To do ::
Exact reproduction is required for all entries.

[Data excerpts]
▬▬▬▬▬▬▬▬▬▬

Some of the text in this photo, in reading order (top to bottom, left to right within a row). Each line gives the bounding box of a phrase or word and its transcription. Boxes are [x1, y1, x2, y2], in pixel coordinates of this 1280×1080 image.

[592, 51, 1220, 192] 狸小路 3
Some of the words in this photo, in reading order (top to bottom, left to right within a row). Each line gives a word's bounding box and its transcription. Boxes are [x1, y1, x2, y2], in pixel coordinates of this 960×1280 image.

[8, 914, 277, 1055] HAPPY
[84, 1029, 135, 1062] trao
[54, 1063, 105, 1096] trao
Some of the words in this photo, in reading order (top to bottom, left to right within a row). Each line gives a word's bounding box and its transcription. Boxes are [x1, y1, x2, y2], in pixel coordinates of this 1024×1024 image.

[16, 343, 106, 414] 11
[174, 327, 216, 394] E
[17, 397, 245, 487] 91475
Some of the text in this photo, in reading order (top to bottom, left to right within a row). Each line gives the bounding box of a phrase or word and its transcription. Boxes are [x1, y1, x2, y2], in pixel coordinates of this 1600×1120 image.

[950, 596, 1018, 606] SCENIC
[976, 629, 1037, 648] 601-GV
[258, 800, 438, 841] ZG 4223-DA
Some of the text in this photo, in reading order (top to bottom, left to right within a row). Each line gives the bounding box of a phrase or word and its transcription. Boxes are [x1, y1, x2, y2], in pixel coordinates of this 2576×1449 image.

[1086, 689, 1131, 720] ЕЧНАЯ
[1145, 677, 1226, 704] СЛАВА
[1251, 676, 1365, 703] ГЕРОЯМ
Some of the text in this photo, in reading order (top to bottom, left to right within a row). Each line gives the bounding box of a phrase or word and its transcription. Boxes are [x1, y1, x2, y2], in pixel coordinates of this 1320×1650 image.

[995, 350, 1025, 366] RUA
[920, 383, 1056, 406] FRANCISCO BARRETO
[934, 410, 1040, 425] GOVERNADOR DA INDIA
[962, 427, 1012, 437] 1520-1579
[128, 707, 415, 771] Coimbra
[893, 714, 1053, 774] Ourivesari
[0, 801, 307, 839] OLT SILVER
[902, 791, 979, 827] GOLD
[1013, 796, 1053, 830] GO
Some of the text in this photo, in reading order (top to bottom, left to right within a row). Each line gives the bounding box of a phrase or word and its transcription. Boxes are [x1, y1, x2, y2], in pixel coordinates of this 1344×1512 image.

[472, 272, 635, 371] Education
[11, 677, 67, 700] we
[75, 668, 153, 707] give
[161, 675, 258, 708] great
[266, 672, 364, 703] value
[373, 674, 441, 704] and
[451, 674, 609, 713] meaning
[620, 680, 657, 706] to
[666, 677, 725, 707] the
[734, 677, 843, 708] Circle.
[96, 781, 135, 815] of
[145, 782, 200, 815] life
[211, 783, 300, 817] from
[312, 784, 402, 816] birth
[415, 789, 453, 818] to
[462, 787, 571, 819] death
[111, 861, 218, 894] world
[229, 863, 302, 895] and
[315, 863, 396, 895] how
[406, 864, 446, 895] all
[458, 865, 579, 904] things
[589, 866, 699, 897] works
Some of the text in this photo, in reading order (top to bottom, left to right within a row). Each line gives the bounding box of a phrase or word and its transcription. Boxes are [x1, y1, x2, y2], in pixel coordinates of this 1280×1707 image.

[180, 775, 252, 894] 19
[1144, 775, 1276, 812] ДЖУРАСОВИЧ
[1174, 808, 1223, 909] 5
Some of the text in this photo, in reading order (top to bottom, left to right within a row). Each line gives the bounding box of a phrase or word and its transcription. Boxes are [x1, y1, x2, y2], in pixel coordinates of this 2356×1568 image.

▬▬▬▬▬▬▬▬▬▬

Result of the exercise ::
Some of the text in this photo, in reading order (top to bottom, left to right within a row). Each line gives the bounding box of a phrase or word and its transcription. Boxes are [x1, y1, x2, y2], in pixel coordinates of this 1280×1080 image.

[592, 51, 1220, 192] 狸小路 3
Some of the words in this photo, in reading order (top to bottom, left to right within a row). Each line gives a word's bounding box and its transcription. Boxes are [x1, y1, x2, y2], in pixel coordinates of this 960×1280 image.

[8, 914, 277, 1055] HAPPY
[84, 1029, 135, 1062] trao
[54, 1063, 105, 1096] trao
Some of the words in this photo, in reading order (top to bottom, left to right within a row). Each line gives a word's bounding box and its transcription. Boxes are [x1, y1, x2, y2], in pixel coordinates of this 1024×1024 image.

[16, 343, 106, 414] 11
[174, 327, 216, 394] E
[17, 397, 245, 487] 91475
Some of the text in this photo, in reading order (top to bottom, left to right within a row). Each line gives the bounding box of a phrase or word and its transcription. Boxes are [x1, y1, x2, y2], in pixel coordinates of this 1600×1120 image.

[950, 596, 1018, 606] SCENIC
[976, 629, 1037, 648] 601-GV
[258, 800, 438, 841] ZG 4223-DA
Some of the text in this photo, in reading order (top to bottom, left to right within a row). Each line gives the bounding box of a phrase or word and its transcription. Boxes are [x1, y1, x2, y2], in pixel coordinates of this 2576×1449 image.

[1086, 689, 1131, 720] ЕЧНАЯ
[1145, 677, 1226, 704] СЛАВА
[1251, 676, 1365, 703] ГЕРОЯМ
Some of the text in this photo, in reading order (top to bottom, left to right within a row). Each line gives the bounding box of a phrase or word and its transcription. Boxes are [x1, y1, x2, y2], in pixel coordinates of this 1320×1650 image.

[995, 350, 1025, 366] RUA
[920, 383, 1056, 406] FRANCISCO BARRETO
[934, 410, 1040, 425] GOVERNADOR DA INDIA
[962, 427, 1012, 437] 1520-1579
[128, 707, 415, 771] Coimbra
[893, 714, 1053, 774] Ourivesari
[0, 801, 307, 839] OLT SILVER
[902, 791, 979, 827] GOLD
[1013, 796, 1053, 830] GO
Some of the text in this photo, in reading order (top to bottom, left to right within a row). Each line gives the bounding box of a phrase or word and its transcription. Boxes are [x1, y1, x2, y2], in pixel coordinates of this 1344×1512 image.

[472, 272, 635, 371] Education
[11, 677, 67, 700] we
[75, 668, 153, 707] give
[161, 675, 258, 708] great
[266, 672, 364, 703] value
[373, 674, 441, 704] and
[451, 674, 609, 713] meaning
[620, 680, 657, 706] to
[666, 677, 725, 707] the
[734, 677, 843, 708] Circle.
[96, 781, 135, 815] of
[145, 782, 200, 815] life
[211, 783, 300, 817] from
[312, 784, 402, 816] birth
[415, 789, 453, 818] to
[462, 787, 571, 819] death
[111, 861, 218, 894] world
[229, 863, 302, 895] and
[315, 863, 396, 895] how
[406, 864, 446, 895] all
[458, 865, 579, 904] things
[589, 866, 699, 897] works
Some of the text in this photo, in reading order (top to bottom, left to right within a row). Each line gives the bounding box of a phrase or word and its transcription. Boxes are [x1, y1, x2, y2], in pixel coordinates of this 1280×1707 image.

[180, 775, 252, 894] 19
[1144, 775, 1276, 812] ДЖУРАСОВИЧ
[1174, 808, 1223, 909] 5
Some of the text in this photo, in reading order (top to bottom, left to right within a row). Each line gives the bounding box of a phrase or word and its transcription. Boxes are [x1, y1, x2, y2], in pixel coordinates of this 2356×1568 image.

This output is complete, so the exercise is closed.